* TASK *
Each line below should be repeated exactly, but no picture should be carried over.

* RECORDS TO USE *

____

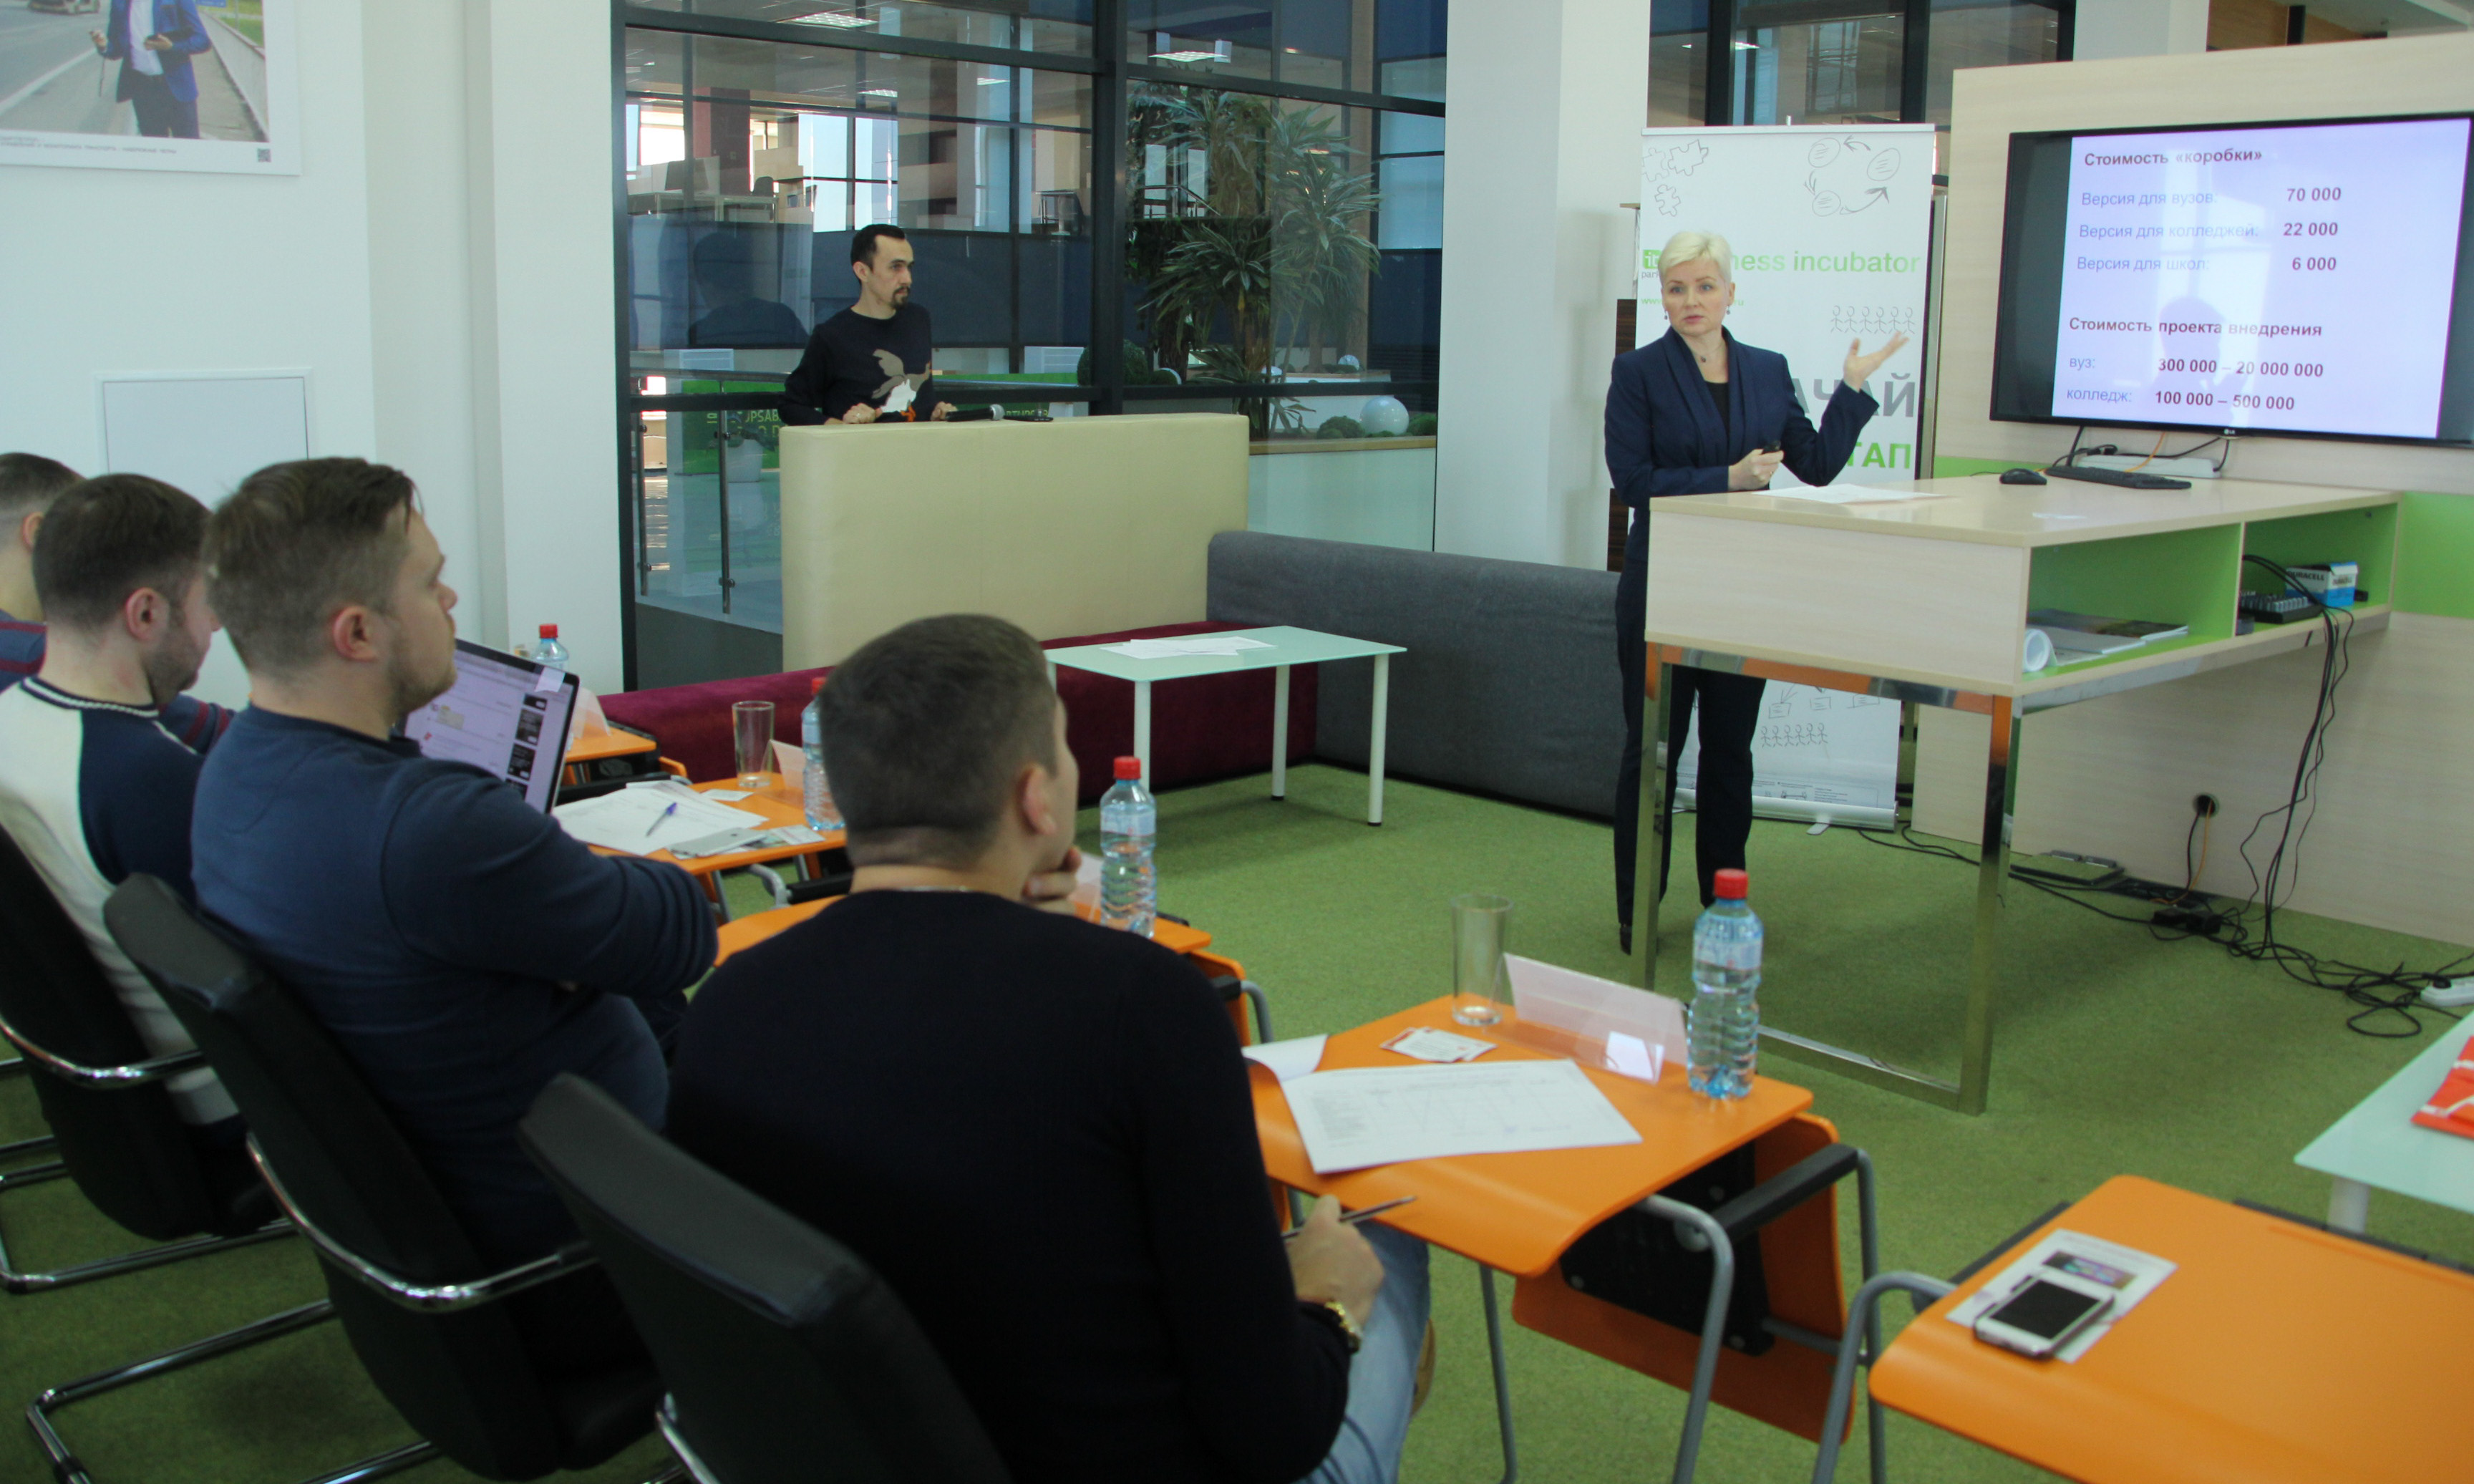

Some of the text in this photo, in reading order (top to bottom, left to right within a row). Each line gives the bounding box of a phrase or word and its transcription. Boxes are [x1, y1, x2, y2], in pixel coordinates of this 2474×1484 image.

[2084, 148, 2262, 166] Стоимость «коробки»
[2081, 187, 2342, 208] Версия для вузов: 70 000
[2079, 222, 2338, 241] Версия для колледжей: 22 000
[1793, 251, 1921, 273] incubator
[2077, 256, 2337, 272] Версия для школ: 6 000
[2069, 317, 2322, 338] Стоимость проекта внедрения
[2069, 357, 2095, 371] вуз:
[2158, 359, 2185, 372] 300
[2190, 359, 2217, 373] 000
[2236, 361, 2255, 374] 20
[2260, 362, 2289, 376] 000
[2294, 363, 2324, 377] 000
[2067, 389, 2132, 403] колледж:
[2155, 391, 2181, 404] 100
[2186, 392, 2213, 406] 000
[2233, 394, 2261, 409] 500
[2266, 396, 2294, 410] 000

____

* PROBLEM SOLUTION *
Some of the text in this photo, in reading order (top to bottom, left to right within a row). Each line gives the bounding box of a phrase or word and its transcription. Boxes are [x1, y1, x2, y2], in pixel coordinates of this 2474×1484 image.

[2084, 148, 2262, 166] Стоимость «коробки»
[2081, 187, 2342, 208] Версия для вузов: 70 000
[2079, 222, 2338, 241] Версия для колледжей: 22 000
[1793, 251, 1921, 273] incubator
[2077, 256, 2337, 272] Версия для школ: 6 000
[2069, 317, 2322, 338] Стоимость проекта внедрения
[2069, 357, 2095, 371] вуз:
[2158, 359, 2185, 372] 300
[2190, 359, 2217, 373] 000
[2236, 361, 2255, 374] 20
[2260, 362, 2289, 376] 000
[2294, 363, 2324, 377] 000
[2067, 389, 2132, 403] колледж:
[2155, 391, 2181, 404] 100
[2186, 392, 2213, 406] 000
[2233, 394, 2261, 409] 500
[2266, 396, 2294, 410] 000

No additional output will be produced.